With Laszlo’s new business model built on top of an open-source platform, we are now in a position to make the presentation server an optional component of a Laszlo deployment. Sometime over the next few months, we’ll release a build that allows you to compile LZX files on a developer’s machine, and post the resulting SWF to a Web server. The SWF in the browser will communicate with XML and media sources directly, with no intervening presentation (proxy) server.
We’re expecting that serverless deployment, coupled with open source, will go a long way toward making it easier to deploy rich Internet applications, particularly at high scale.

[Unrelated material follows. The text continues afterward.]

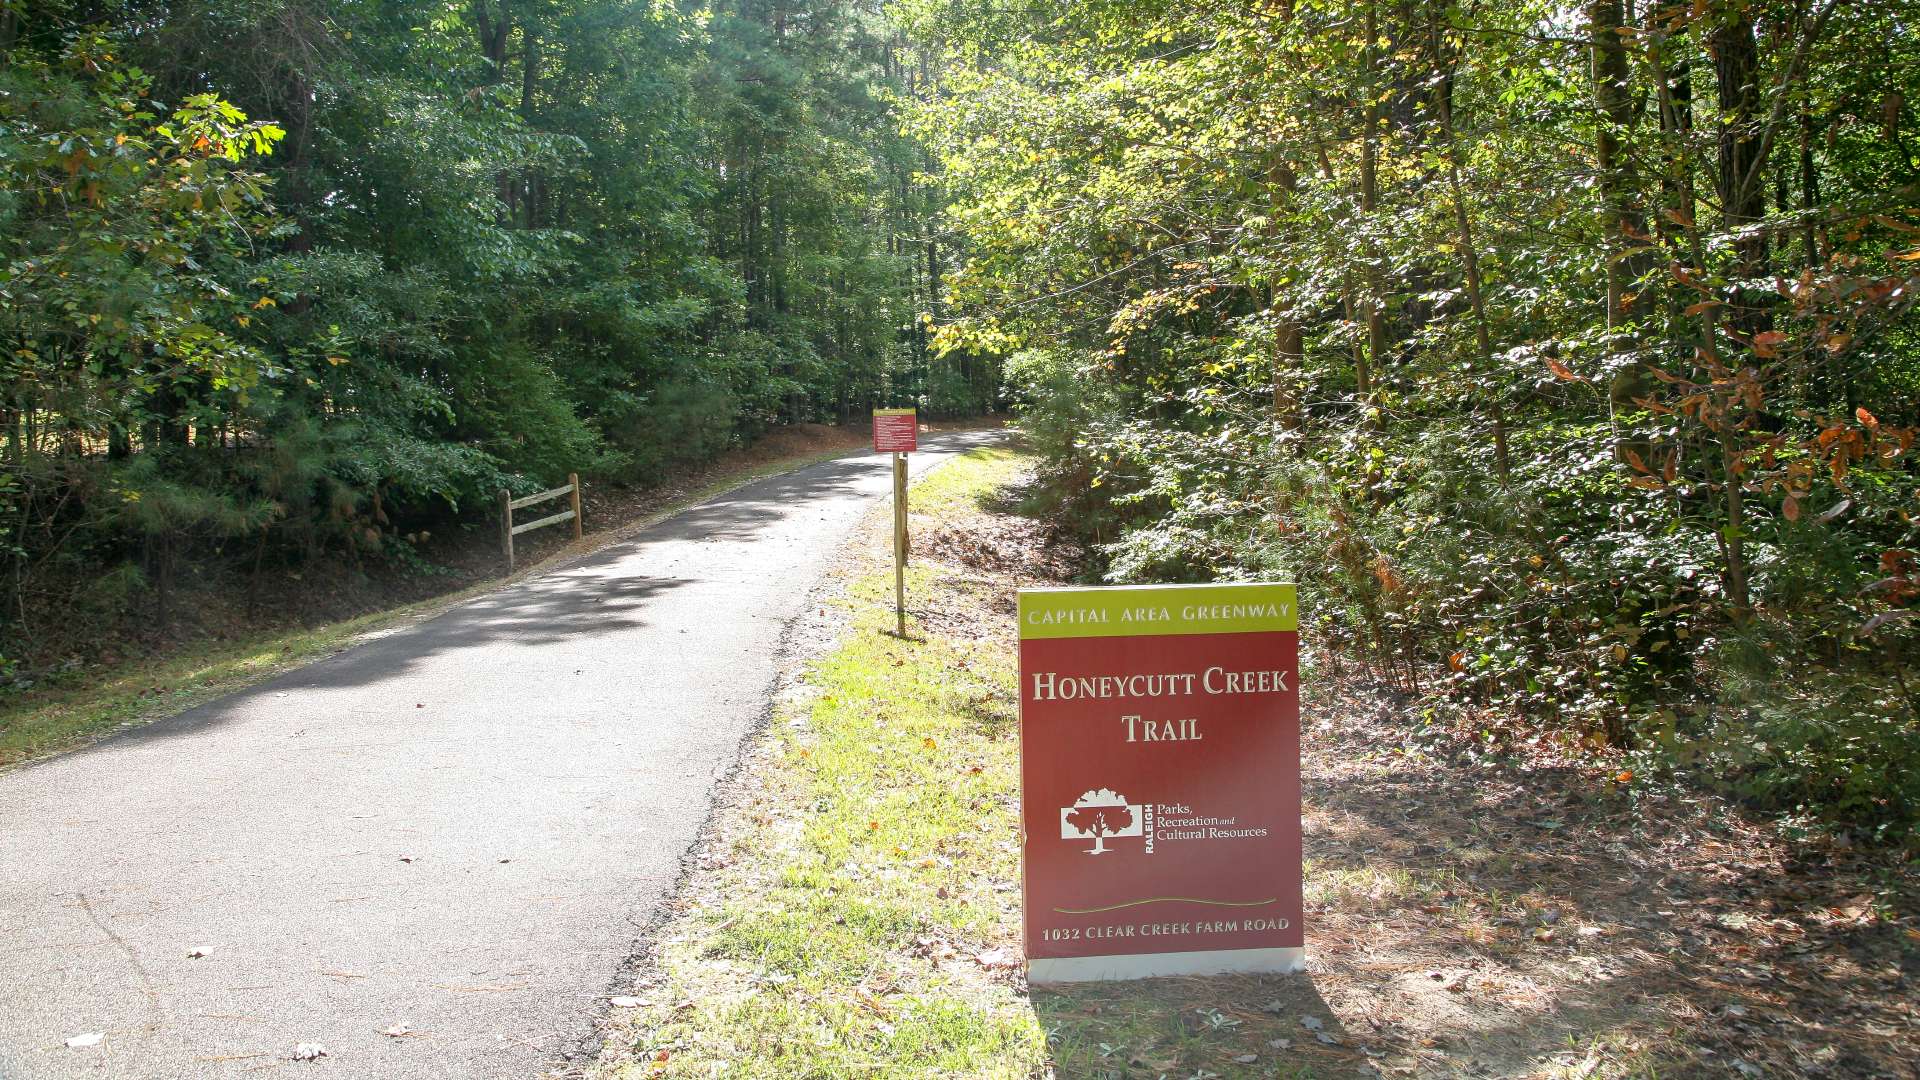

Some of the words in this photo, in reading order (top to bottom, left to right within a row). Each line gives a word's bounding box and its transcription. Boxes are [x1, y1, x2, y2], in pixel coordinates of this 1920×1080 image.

Temkin also lists limitations of the Flash Player 5.0 as historical reasons that made a presentation server necessary in the first place. Removing this server dependency in production environments should not only help Lazslo on the high end, but it could also contribute to making RIAs more accessible to small businesses. I don’t believe in a web where big companies would offer snappy, super-interactive online applications while moms-and-pops would be stuck in FrontPage land. Think about "application syndication," a phrase that has been used for at least six years but that I still don’t see it happening much (public examples welcome, if you know any). The first generation players collapsed under their own weight and hopefully easier deployment will help the market get there.
01/29/05 update: I should have linked to this conversation started by iteration two, and it seems I had not paid attention to a huge number of players in this space:
- Canoo’s UltraLightClient
- IBM’s FacesClient Components
- JackBe (Zapthink’s analysis)
- Nexaweb (Infoworld article)
- Snapp MX
- Xamlon (DevSource article)
Apparently some people still believe in client-side Java, in an intranet context at least (still doubtful, ain’t it?).
Interesting datapoints: Flash player penetration by version and region, DiamondCluster white paper about rich clients (PDF), Serving Client-Side Applications.
04/22/05 update: Luke Wroblewski has lots of good stuff including Web Application Solutions: A Designer’s Guide (PDF).